Eddy Merckx (a destra) vincitore nel 1971 (foto archivio L'Unione Sarda)
Eddy Merckx (a destra) vincitore nel 1971 (foto archivio L'Unione Sarda)
Eddy Merckx (a destra) vincitore nel 1971 (foto archivio L'Unione Sarda)

CINQUANT'ANNI FA Per ricordare il lignaggio della corsa sarda, ideata da Franco Pretti negli anni Cinquanta, vale la pena ricordare l'edizione di cinquant'anni fa. Fu la seconda delle quattro vinte dal più forte corridore di tutti i tempi. Eddy Merckx era un assidue frequentatore della Sardegna, a cavallo tra gli anni Sessanta e Settanta. Già vincitore nel 1968, beffato da Patrick Sercu nel 1970, si presentò determinato al via, quell'anno fissato a Potenza(!). Sul traguardo di Salerno chiarì subito in volata i rapporti di forza e si imbarcò per Cagliari da leader.
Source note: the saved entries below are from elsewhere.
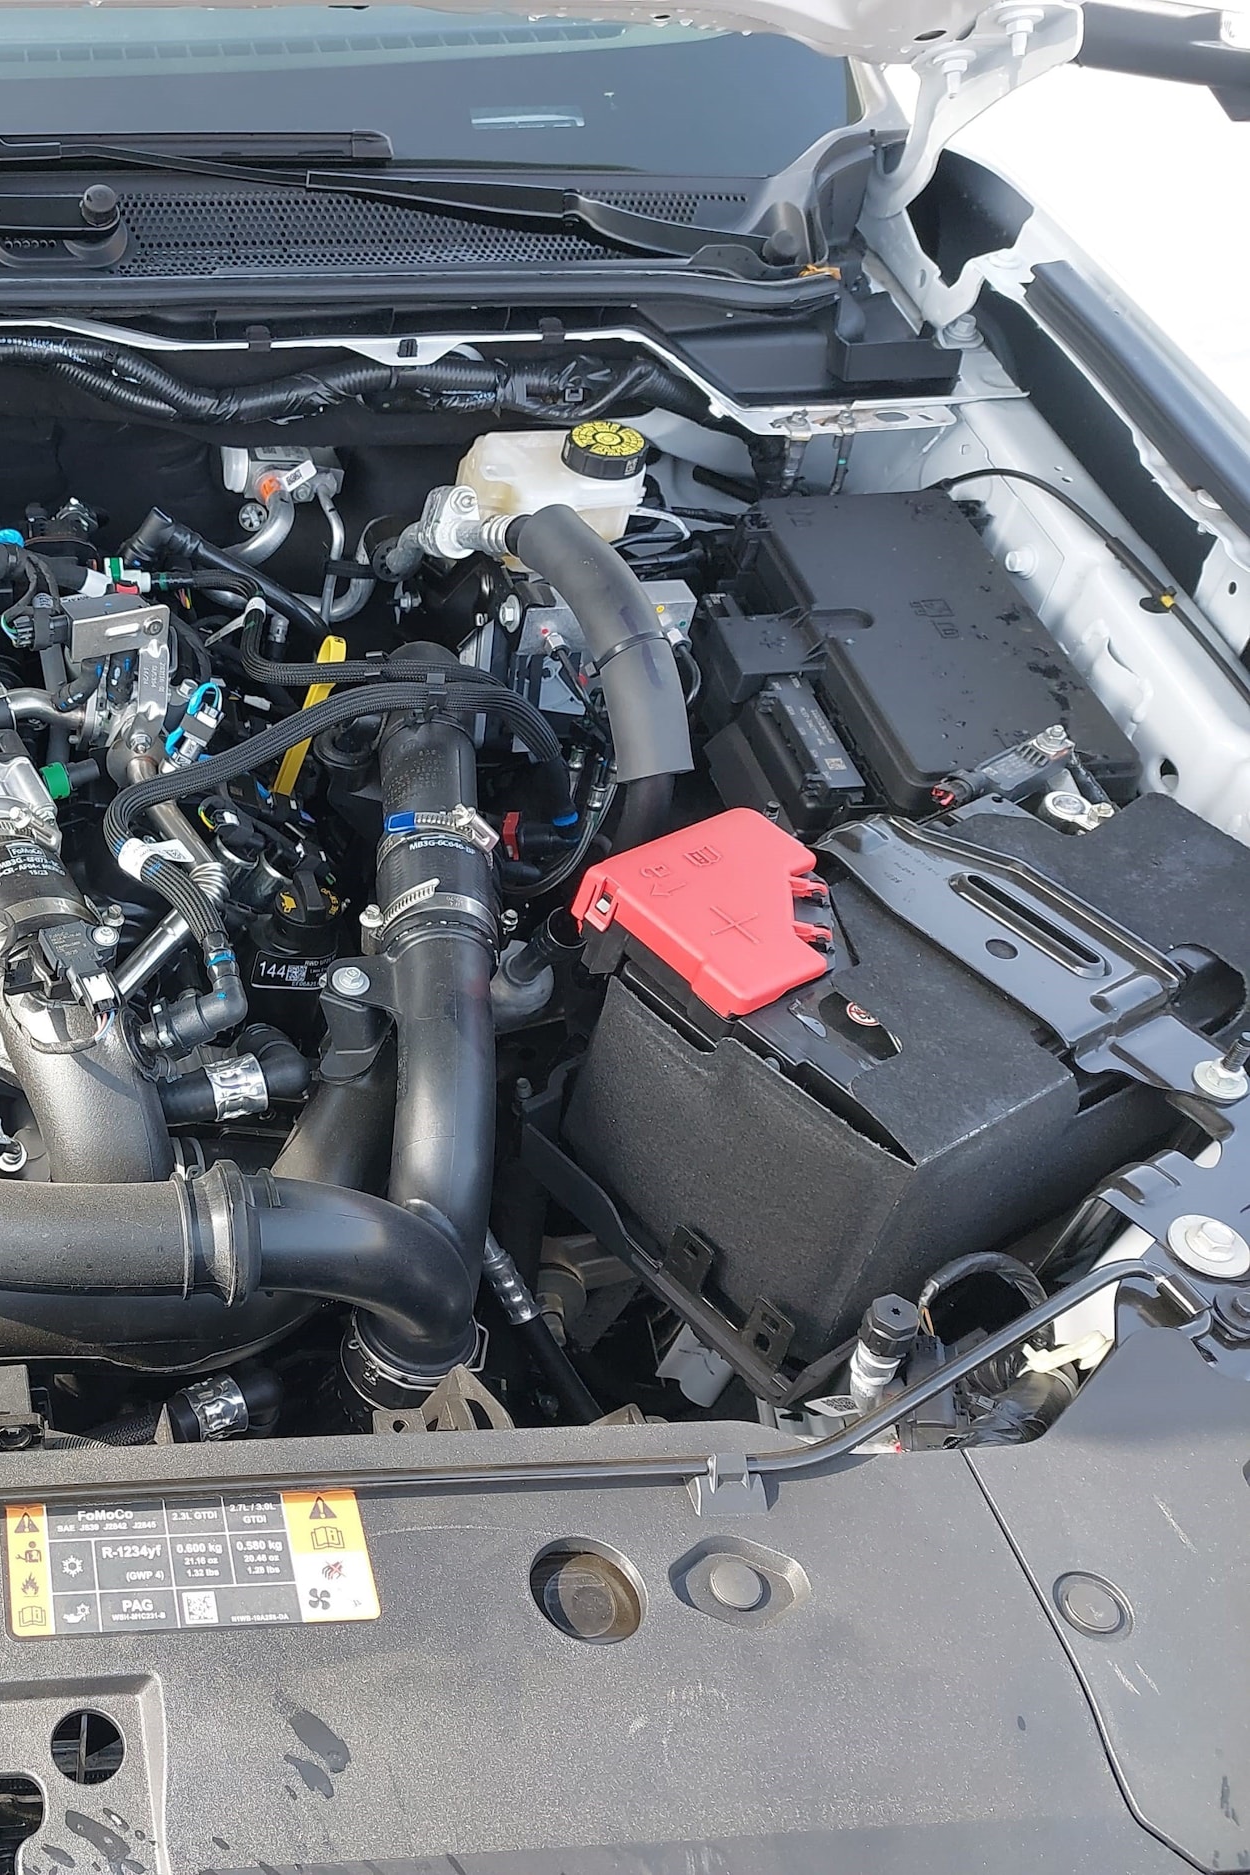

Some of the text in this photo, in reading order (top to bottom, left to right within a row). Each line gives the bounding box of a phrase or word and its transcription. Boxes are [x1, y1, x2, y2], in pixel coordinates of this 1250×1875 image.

[11, 847, 43, 856] FoMoCo
[259, 961, 286, 978] 144
[230, 1504, 250, 1512] 2.7L
[255, 1503, 276, 1511] 3.0L
[77, 1509, 134, 1521] FoMoCo
[172, 1511, 218, 1521] 2.3L GTDI
[243, 1515, 267, 1524] GTDI
[176, 1542, 223, 1554] 0.600 kg
[236, 1540, 283, 1551] 0.580 kg
[101, 1544, 162, 1560] R-1234yf
[207, 1557, 219, 1565] oz
[268, 1554, 280, 1562] oz
[186, 1568, 220, 1577] 1.32 lbs
[266, 1566, 280, 1574] lbs
[126, 1570, 165, 1583] (GWP 4)
[122, 1599, 154, 1612] PAG
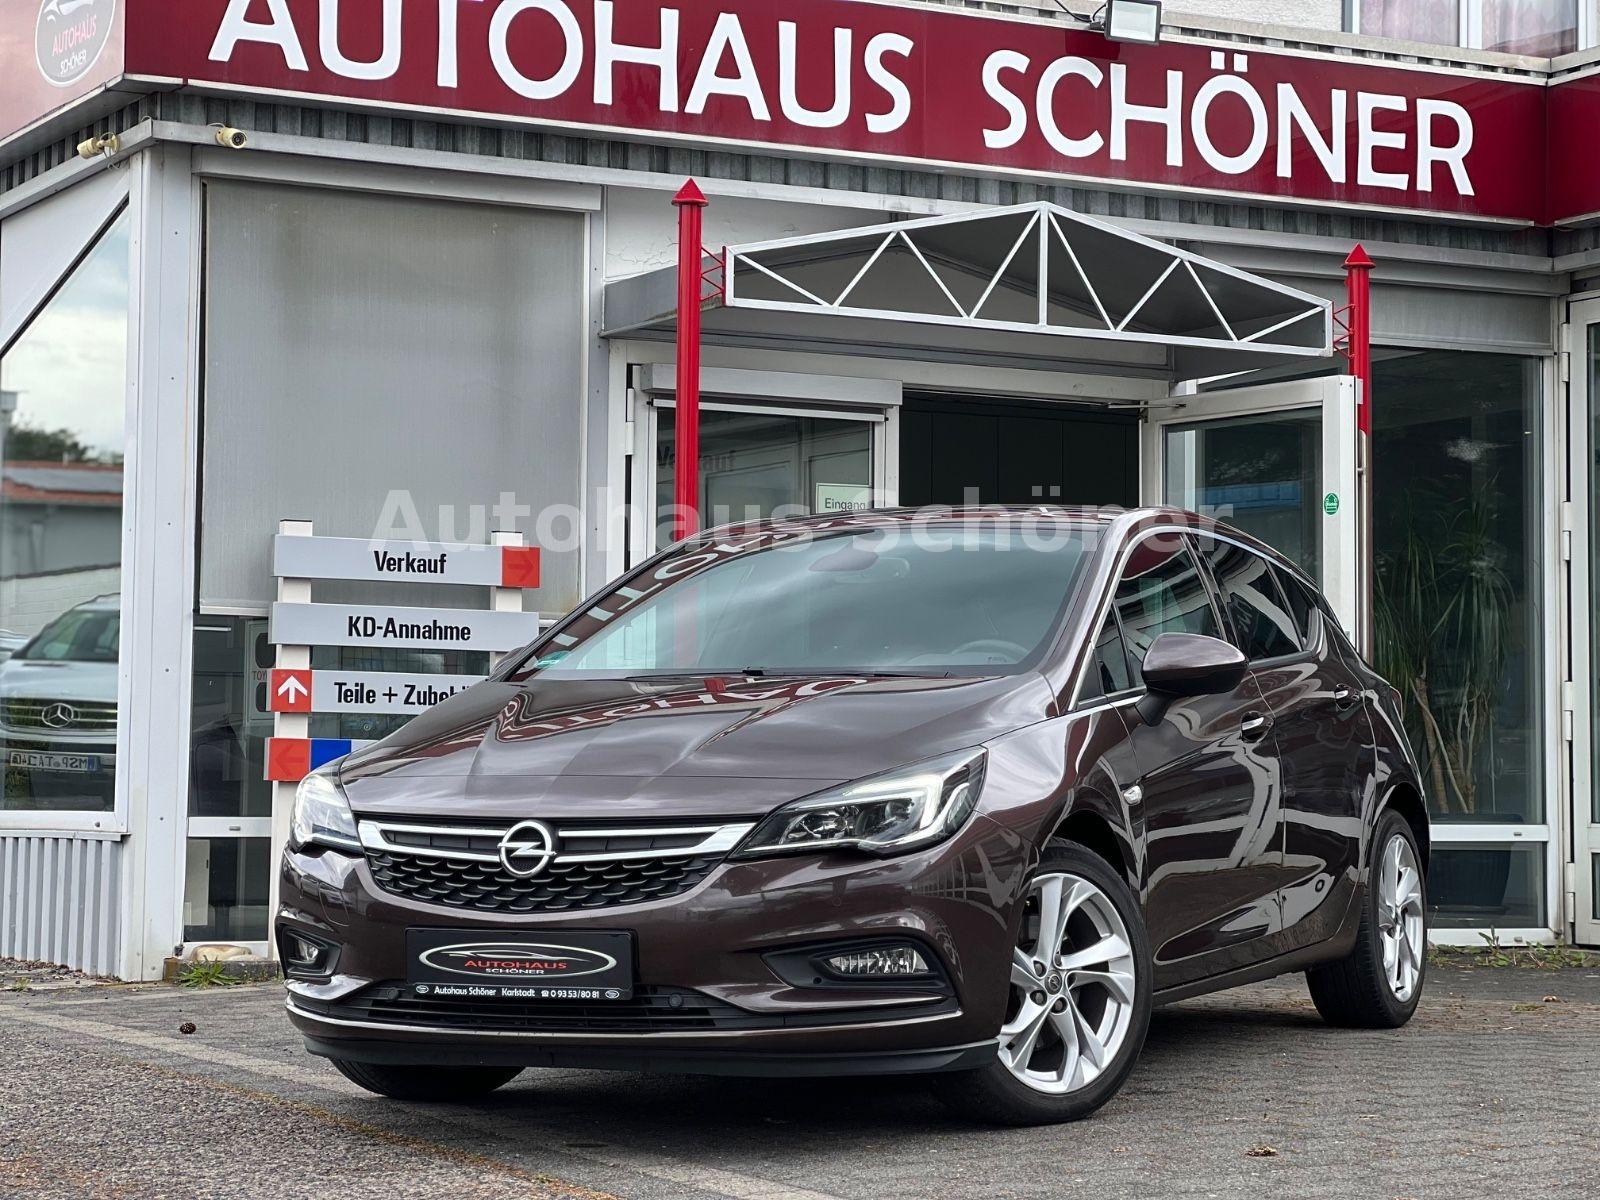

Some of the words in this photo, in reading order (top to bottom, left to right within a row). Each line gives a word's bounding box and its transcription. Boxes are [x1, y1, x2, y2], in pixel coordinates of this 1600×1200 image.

[51, 13, 98, 57] AUTOHAUS
[207, 0, 914, 135] AUTOHAUS
[981, 49, 1475, 197] SCHÖNER
[824, 497, 866, 512] Eingang
[373, 550, 447, 574] Verkauf
[347, 615, 472, 641] KD-Annahme
[334, 681, 377, 704] Teile
[382, 686, 398, 703] +
[464, 960, 568, 969] AUTOHAUS
[434, 986, 467, 995] Autohaus
[468, 986, 496, 996] Schöner
[501, 987, 535, 997] Karlstadt
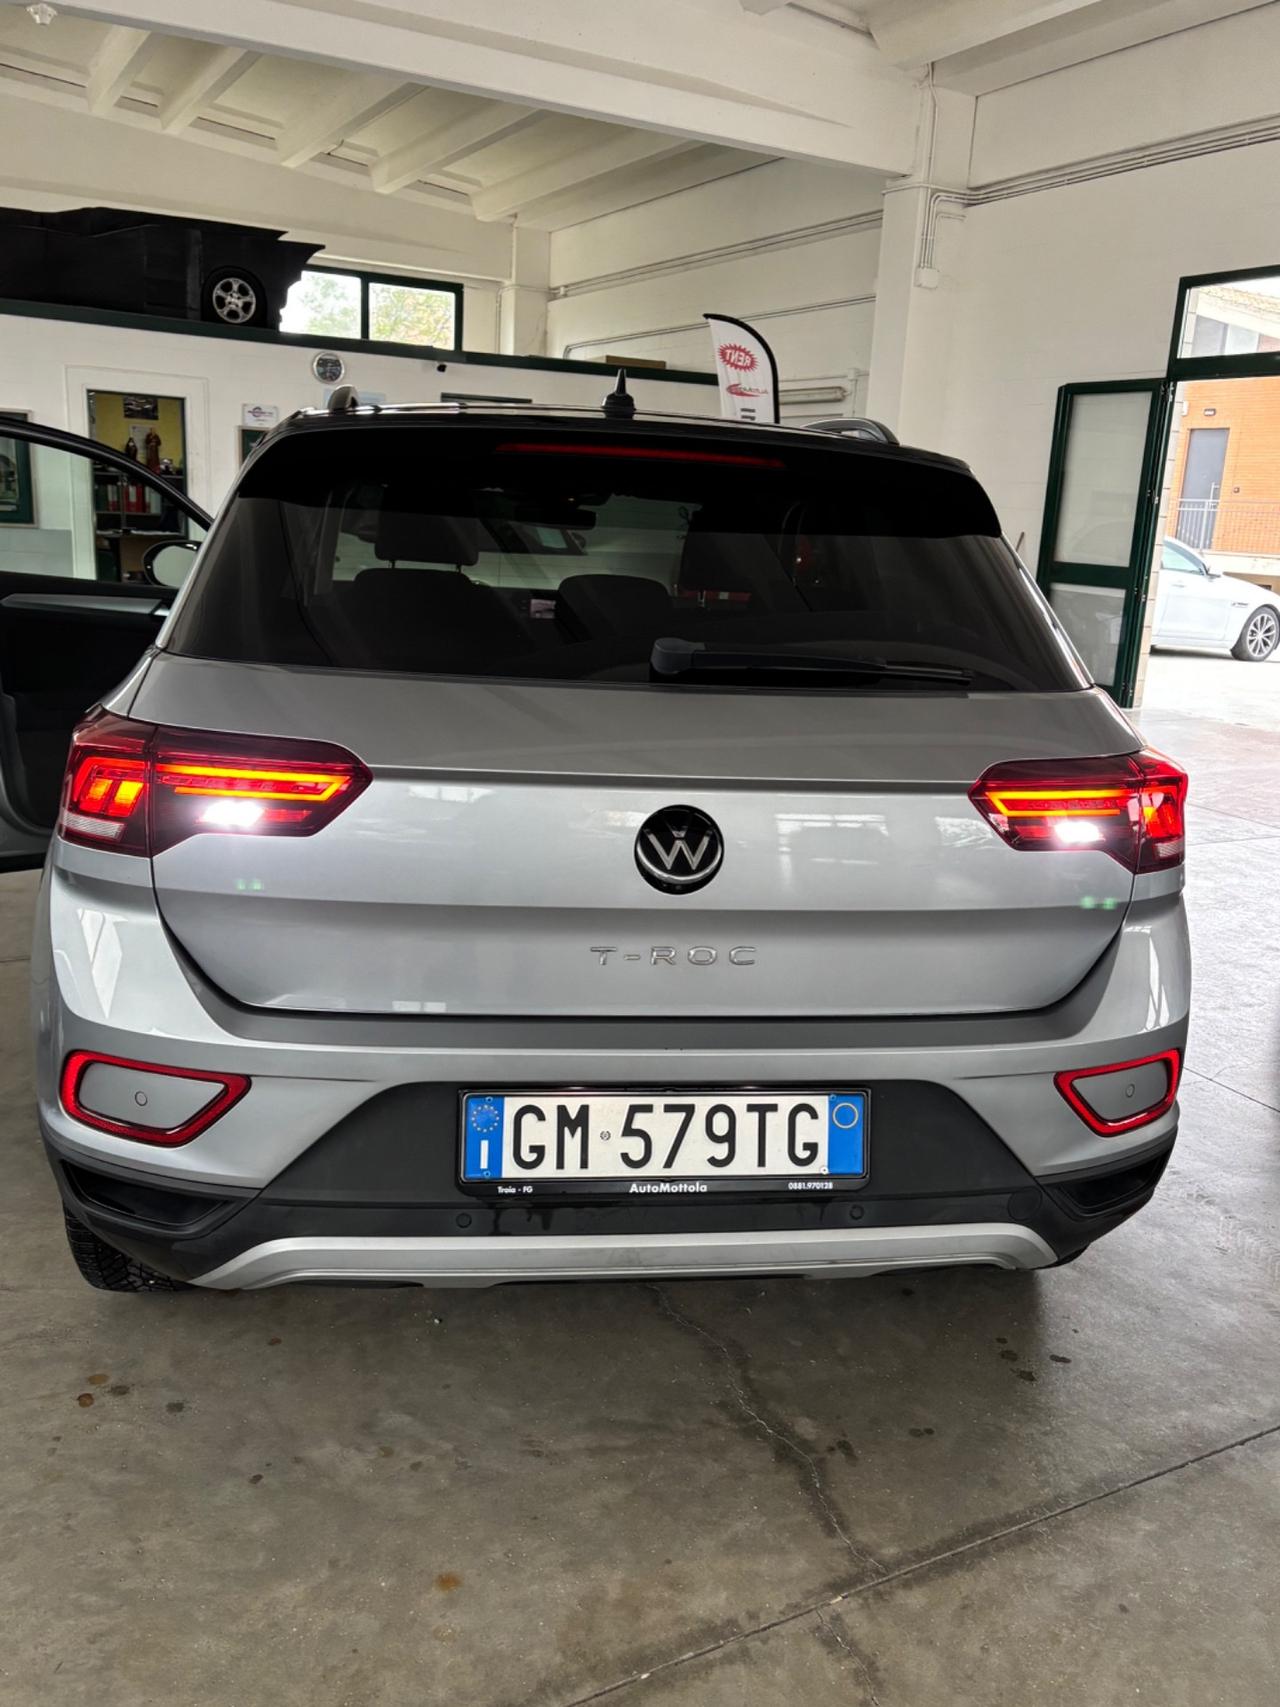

A Oristano Sercu si prese la rivincita ma nella terza frazione, che si arrampicava a Macomer, il "Cannibale" fu ancora vincitore. L'indomani controllò la situazione nella crono Sassari-Porto Torres (lo battè soltanto Ole Ritter, al quale l'anno dopo avrebbe soffiato il record dell'ora), poi conquisto anche la tappa finale, a Nuoro, battendo "cuore matto" Franco Bitossi e aggiudicandosi la corsa davanti a Gosta Petterson ed Herman van Springel. Merckx conquistò altri due volte il Giro di Sardegna, nel 1973 e nel 1975, anno in cui vinse finalmente anche la Sassari-Cagliari, nella sua edizione più "folle", disputata in circuito a Monte Urpinu.